Huntington’s Disease & CBD Oil: Possible Neuroprotection & Motor Control

Huntington’s Disease & CBD Oil: Possible Neuroprotection & Motor Control

Huntington’s disease is a neurodegenerative disorder without any known cures.

Huntington’s disease is a progressive brain disorder, inherited at birth, with no known cure. Symptoms usually appear when patients reach middle-age and show many similarities to that of Parkinson’s, amyotrophic lateral sclerosis (ALS), and Alzheimer’s. Only with Huntington’s, these symptoms often happen all at once.

Patients suffering from this disease gradually lose control of their body and minds as parts of the brain degenerate. Uncontrolled body movements, muscle spasms, and fits of uncontrolled rage are common. As the disease progresses, patients may become immobile and oftentimes lose the ability to even eat.

With no way of stopping the disease, the best that sufferers can do is manage their symptoms to improve their quality of life. Medications are available to treat some of the symptoms but they typically come with many unwanted side effects.

Due to complications associated with these medications, patients often seek alternative options.
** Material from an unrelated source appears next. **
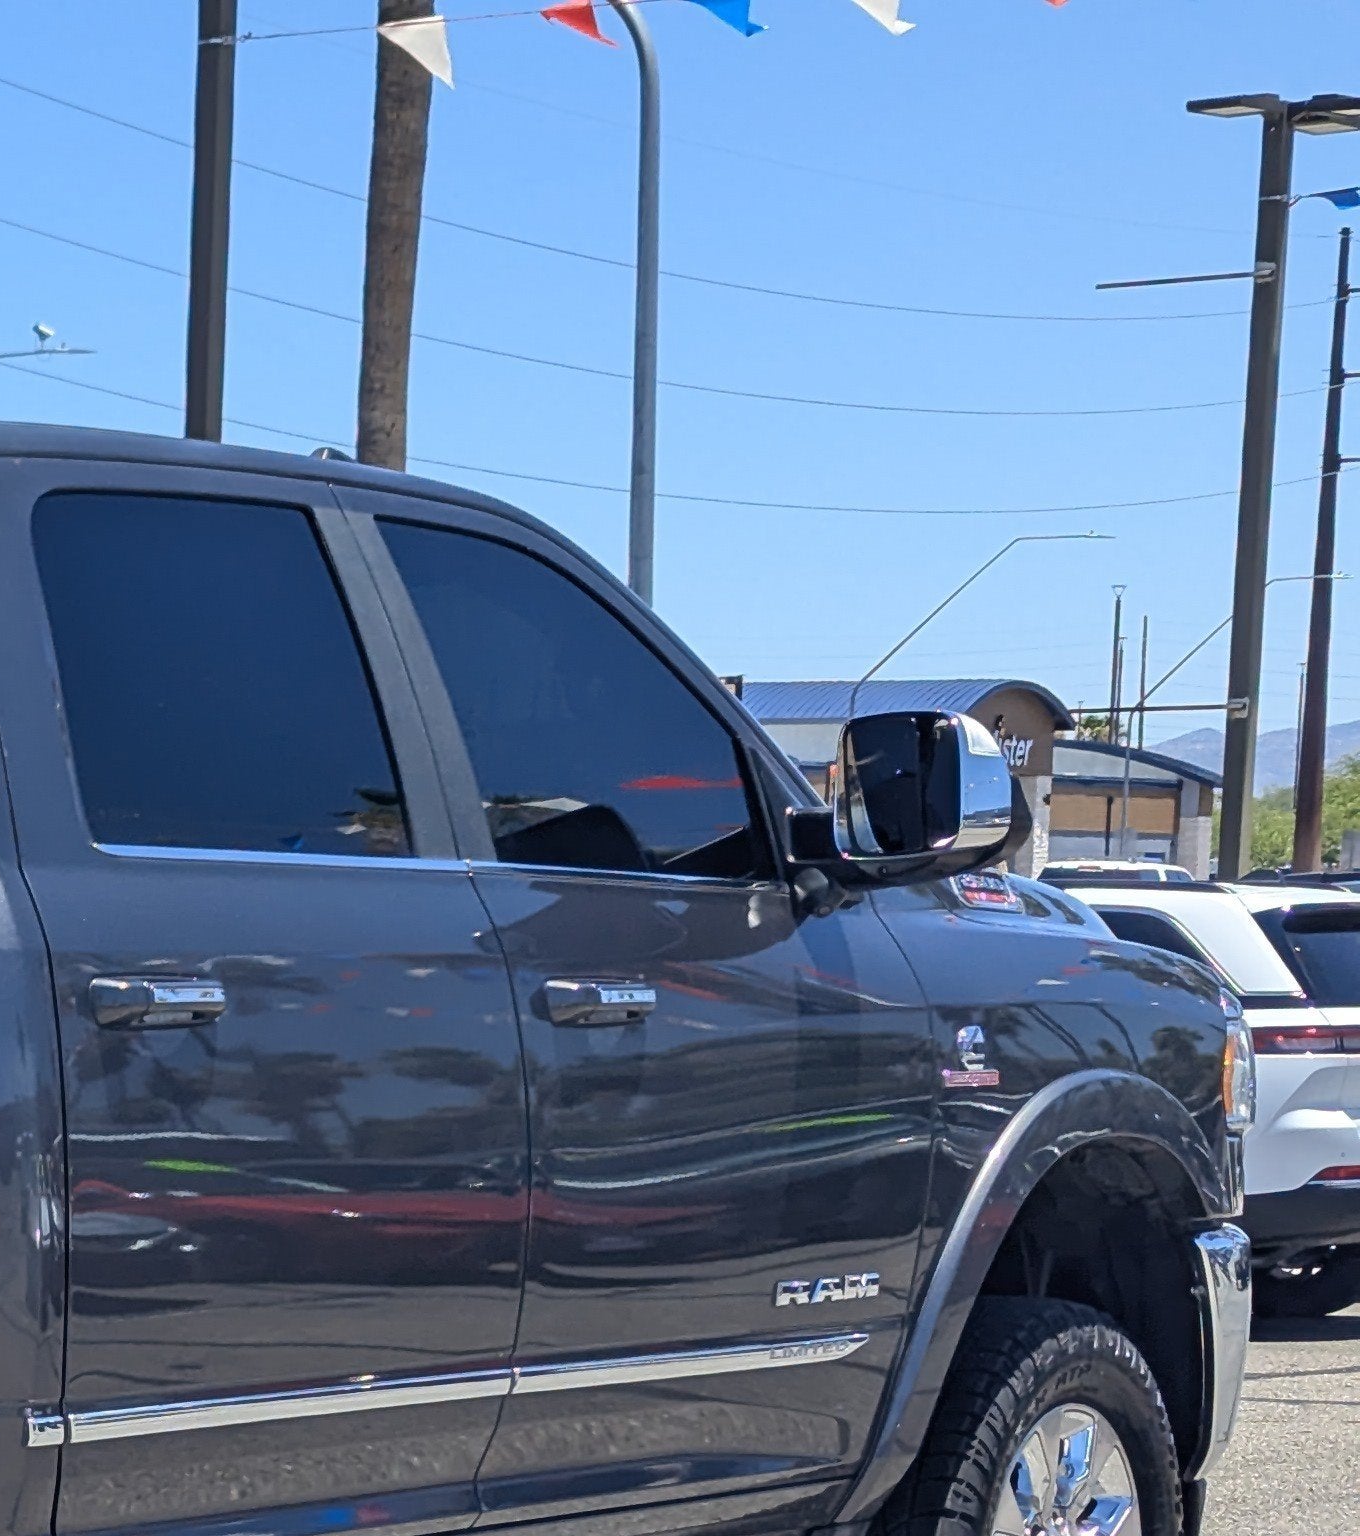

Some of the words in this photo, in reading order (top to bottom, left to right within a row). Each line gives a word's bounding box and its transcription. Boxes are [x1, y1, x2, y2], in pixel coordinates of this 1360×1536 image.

One option that is beginning to show some promise for managing Huntington’s disease symptoms is CBD oil.

Benefits of CBD Oil for Huntington’s Disease

While no cure is available for Huntington’s disease, there are many medications that treat its various symptoms.

Medications such as Tetrabenazine, Haloperidol, and Clonazepam are available to treat the movement disorders associated with Huntington’s. Unfortunately, they come with the risk of triggering psychiatric conditions such as depression, and may even make symptoms like muscle rigidity and involuntary movements worse.

For the mental symptoms of Huntington’s disease, antidepressants, antipsychotics, and mood stabilizers are often prescribed. These, too, aren’t without their side effects. Nausea, diarrhea, and the chance of making movement disorders worse are all possible side effects.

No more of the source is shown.